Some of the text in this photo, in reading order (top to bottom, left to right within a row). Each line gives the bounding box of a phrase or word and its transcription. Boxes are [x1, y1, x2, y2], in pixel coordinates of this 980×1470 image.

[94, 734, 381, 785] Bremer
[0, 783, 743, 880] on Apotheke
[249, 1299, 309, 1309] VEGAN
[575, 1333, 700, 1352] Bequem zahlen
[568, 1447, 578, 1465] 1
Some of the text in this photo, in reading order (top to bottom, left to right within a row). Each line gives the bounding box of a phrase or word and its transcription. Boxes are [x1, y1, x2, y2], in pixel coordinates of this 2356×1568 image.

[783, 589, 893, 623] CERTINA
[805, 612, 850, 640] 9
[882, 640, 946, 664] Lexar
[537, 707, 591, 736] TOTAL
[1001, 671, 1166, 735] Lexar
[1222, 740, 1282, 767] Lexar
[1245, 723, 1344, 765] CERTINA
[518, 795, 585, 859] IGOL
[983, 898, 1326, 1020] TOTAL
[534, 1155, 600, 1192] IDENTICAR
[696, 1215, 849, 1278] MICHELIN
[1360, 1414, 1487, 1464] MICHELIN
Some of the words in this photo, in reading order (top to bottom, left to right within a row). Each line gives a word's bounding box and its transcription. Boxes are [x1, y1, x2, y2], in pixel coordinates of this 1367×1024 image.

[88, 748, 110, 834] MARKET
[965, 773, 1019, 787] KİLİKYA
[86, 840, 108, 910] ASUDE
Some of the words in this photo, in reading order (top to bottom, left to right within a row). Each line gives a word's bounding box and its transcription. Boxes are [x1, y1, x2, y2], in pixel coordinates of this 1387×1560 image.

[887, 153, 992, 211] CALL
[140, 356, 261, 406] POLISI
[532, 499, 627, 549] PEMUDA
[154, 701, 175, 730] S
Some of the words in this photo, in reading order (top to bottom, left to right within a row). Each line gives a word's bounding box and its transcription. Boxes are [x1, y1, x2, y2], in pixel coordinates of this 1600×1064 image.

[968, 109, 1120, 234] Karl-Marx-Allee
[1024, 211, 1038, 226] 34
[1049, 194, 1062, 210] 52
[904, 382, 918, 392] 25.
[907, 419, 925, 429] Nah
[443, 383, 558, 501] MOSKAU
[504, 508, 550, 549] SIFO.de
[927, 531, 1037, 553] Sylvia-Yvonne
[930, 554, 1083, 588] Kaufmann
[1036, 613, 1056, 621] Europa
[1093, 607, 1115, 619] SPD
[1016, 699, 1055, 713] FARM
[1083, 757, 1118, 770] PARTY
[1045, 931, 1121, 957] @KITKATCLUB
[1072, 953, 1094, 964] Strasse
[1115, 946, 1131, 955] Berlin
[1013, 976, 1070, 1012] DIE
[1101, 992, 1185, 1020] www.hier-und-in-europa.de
==*==
• [To do]: Output each entry exactly. Leave none out.

• [Your solution]:
Some of the text in this photo, in reading order (top to bottom, left to right within a row). Each line gives the bounding box of a phrase or word and its transcription. Boxes are [x1, y1, x2, y2], in pixel coordinates of this 980×1470 image.

[94, 734, 381, 785] Bremer
[0, 783, 743, 880] on Apotheke
[249, 1299, 309, 1309] VEGAN
[575, 1333, 700, 1352] Bequem zahlen
[568, 1447, 578, 1465] 1
Some of the text in this photo, in reading order (top to bottom, left to right within a row). Each line gives the bounding box of a phrase or word and its transcription. Boxes are [x1, y1, x2, y2], in pixel coordinates of this 2356×1568 image.

[783, 589, 893, 623] CERTINA
[805, 612, 850, 640] 9
[882, 640, 946, 664] Lexar
[537, 707, 591, 736] TOTAL
[1001, 671, 1166, 735] Lexar
[1222, 740, 1282, 767] Lexar
[1245, 723, 1344, 765] CERTINA
[518, 795, 585, 859] IGOL
[983, 898, 1326, 1020] TOTAL
[534, 1155, 600, 1192] IDENTICAR
[696, 1215, 849, 1278] MICHELIN
[1360, 1414, 1487, 1464] MICHELIN
Some of the words in this photo, in reading order (top to bottom, left to right within a row). Each line gives a word's bounding box and its transcription. Boxes are [x1, y1, x2, y2], in pixel coordinates of this 1367×1024 image.

[88, 748, 110, 834] MARKET
[965, 773, 1019, 787] KİLİKYA
[86, 840, 108, 910] ASUDE
Some of the words in this photo, in reading order (top to bottom, left to right within a row). Each line gives a word's bounding box and its transcription. Boxes are [x1, y1, x2, y2], in pixel coordinates of this 1387×1560 image.

[887, 153, 992, 211] CALL
[140, 356, 261, 406] POLISI
[532, 499, 627, 549] PEMUDA
[154, 701, 175, 730] S
Some of the words in this photo, in reading order (top to bottom, left to right within a row). Each line gives a word's bounding box and its transcription. Boxes are [x1, y1, x2, y2], in pixel coordinates of this 1600×1064 image.

[968, 109, 1120, 234] Karl-Marx-Allee
[1024, 211, 1038, 226] 34
[1049, 194, 1062, 210] 52
[904, 382, 918, 392] 25.
[907, 419, 925, 429] Nah
[443, 383, 558, 501] MOSKAU
[504, 508, 550, 549] SIFO.de
[927, 531, 1037, 553] Sylvia-Yvonne
[930, 554, 1083, 588] Kaufmann
[1036, 613, 1056, 621] Europa
[1093, 607, 1115, 619] SPD
[1016, 699, 1055, 713] FARM
[1083, 757, 1118, 770] PARTY
[1045, 931, 1121, 957] @KITKATCLUB
[1072, 953, 1094, 964] Strasse
[1115, 946, 1131, 955] Berlin
[1013, 976, 1070, 1012] DIE
[1101, 992, 1185, 1020] www.hier-und-in-europa.de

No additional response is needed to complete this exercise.